ABC chair pressures journos on climate change

March 21, 2010
Issue 

Journalists at the ABC have come under strong pressure from the organisation's chairperson to give more weight to the views of climate change deniers.

In a speech to 250 programmers, journalists and executives at the ABC's Sydney headquarters on March 10, chairperson Maurice Newman warned of "group-think" and "a collective censorious approach" in media reporting of climate change.

The issue, he said, was one where "contrary views have not been tolerated, and where those who express them have been labelled and mocked", the March 12 Australian said. The previous day, the newspaper had said Newman "warned ABC staffers that he would not tolerate anyone suppressing information".

Newman's allegations were interpreted as an attack on the integrity and professional judgement of ABC news staff. Journalists at the Sydney meeting rose to their feet to express shock and anger.

A spokesperson for Friends of the ABC later described Newman's criticisms as "extraordinary and inappropriate", saying his comments looked to be "an attempt to influence ABC programming to be more favourable to global warming scepticism".

The ABC, it is fair to say, has a one-person anti-environment pressure group in its top official. A former stockbroker and businessperson, Newman is a friend of former prime minister John Howard, who appointed him in 2007.

Newman claims to be "agnostic" on climate issues, but sources quoted in the Australian describe him as "a passionate climate-change denialist in private".

His unsubtle message adds to crude pressures on the ABC to report climate questions in a vein that (in the view of mining executives, at least) befits the country that is the world's number-one coal exporter.

The usual charge leveled against the ABC has been of flagrant green bias on climate issues. Writing in the March 16 Spectator, former Australian opinion editor Tom Switzer argued: "With honourable exceptions, such as Chris Uhlmann, [ABC journalists] actively campaign for an alarmist cause."
Analysis of the ABC's reporting, though, reveals a quite different pattern.

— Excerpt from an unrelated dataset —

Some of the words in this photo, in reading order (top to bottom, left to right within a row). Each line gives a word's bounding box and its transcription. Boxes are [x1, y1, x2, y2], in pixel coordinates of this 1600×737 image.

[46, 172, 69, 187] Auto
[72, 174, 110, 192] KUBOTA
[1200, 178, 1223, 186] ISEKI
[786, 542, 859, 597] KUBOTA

Early this year, the ABC followed the herd of the commercial media in failing to debunk the claims of British climate change denier Christopher Monckton during his Australian tour.

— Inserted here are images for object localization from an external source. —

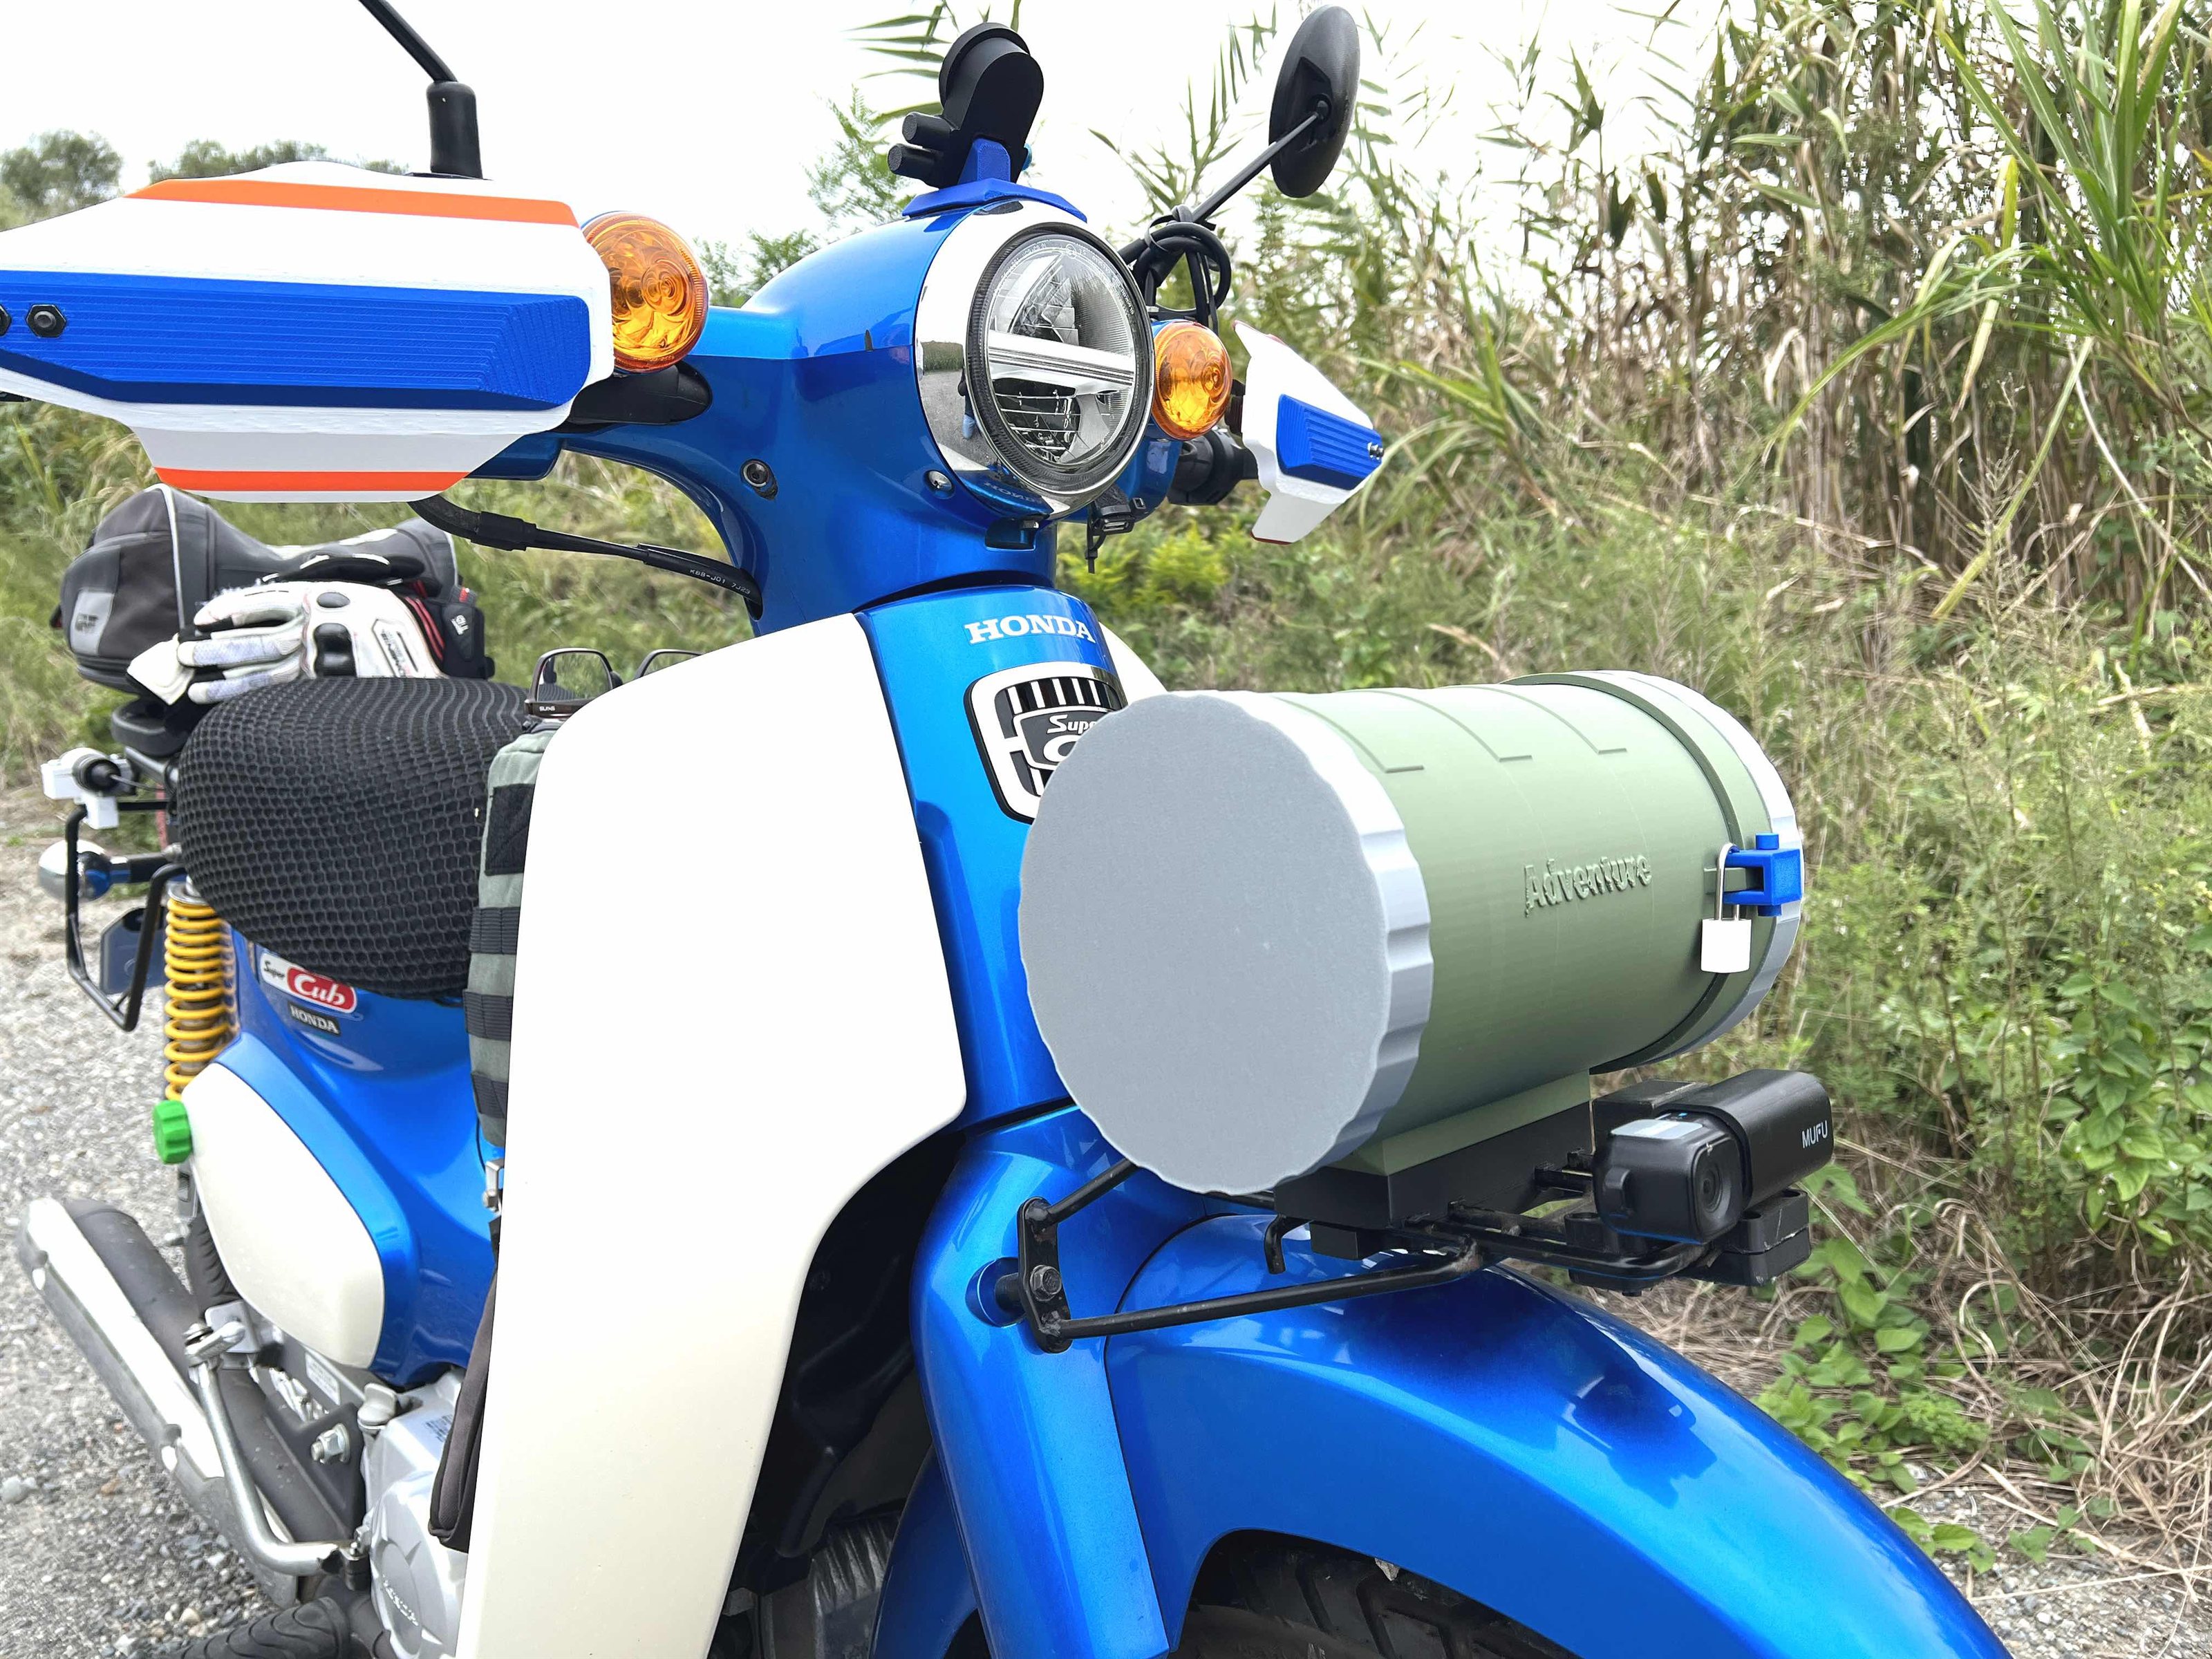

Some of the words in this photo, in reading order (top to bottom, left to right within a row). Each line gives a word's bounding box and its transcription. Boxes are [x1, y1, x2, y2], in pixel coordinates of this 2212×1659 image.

[965, 615, 1096, 644] HONDA
[1047, 714, 1097, 734] Supe
[1524, 854, 1653, 918] Adventure
[263, 959, 285, 980] Super
[294, 973, 346, 1005] Cub
[290, 1004, 339, 1034] HONDA
[1801, 1120, 1828, 1148] MUFU

Climate writer Clive Hamilton, in a January 28 Crikey.com post, related the dismal story of Monckton's interview with ABC journalist Fran Kelly: "He compared climate scientists…to the eugenicists of Nazi Germany and to the Soviet scientific fraud Trofim Lysenko….

"Fran Kelly allowed Monckton to present himself as a credible scientific voice, and … did not ask him what his qualifications were.

"She did not ask him why he lied about being a member of the House of Lords, or why he claims to be a Nobel laureate.

"She did not ask him about his preposterous claims to have won the Falklands war or to have invented a cure for Graves' disease, multiple sclerosis, and HIV."

On March 11, Crikey.com reported on a Media Monitors count of references to Monckton since the beginning of the year, comparing them with references to renowned US climatologist James Hansen, who at that point was close to the end of his own Australian tour.

Monckton, with training in classics, mathematics and journalism, had received 455 mentions across the media; Hansen, only 21.

For the ABC, the ratio was almost as lopsided. Monckton, the narcissistic crank and impostor, rated 161 references; Hansen, the doyen of US climate scientists, just nine.

If the ABC has any bias on climate change, it is not in the direction alleged. If its journalists are "alarmists", they practice a rigorous self-censorship.

When Monckton out-references Hansen by 161 to nine in ABC coverage, it is plainly not climate deniers within the organisation who are having to watch where they tread.

The implication that a different "balance" is needed, meanwhile, begs the question: what is to be balanced against what?

Science is not about opinions, but findings that other researchers, through observation and experiment, can reproduce. If the "science" of the denialists can't meet these criteria, it is not science but speculation and has no place in news reporting.

Where does demanding "balance" in the reporting of science lead? To requiring that evolution be balanced with creationism, modern medicine with leech therapy, and astronomy with the signs of the zodiac?

Newman's speech and interview, meanwhile, provide insights into the thinking of senior business figures that rely for their "understanding" of climate change on diligent reading of the Murdoch press.

Again and again Newman's "facts" are plain wrong, as when he maintains that "growing numbers of distinguished scientists [are] challenging the conventional wisdom with alternative theories and peer-reviewed research".

The last serious effort to pose an alternative, "natural" cause for global warming, Henrik Svensmark's theory of the effects of cosmic rays on cloud formation, was disproved years ago.

If Newman were merely an ignoramus on climate change, that would not matter, provided he worked to guarantee journalists the ability to gather information freely, and to relay it without pressures or harassment.

But that is not the situation. Instead of defending his staff, Newman is adding to their already substantial problems.

Journalists and the public in general should demand to be rid of him.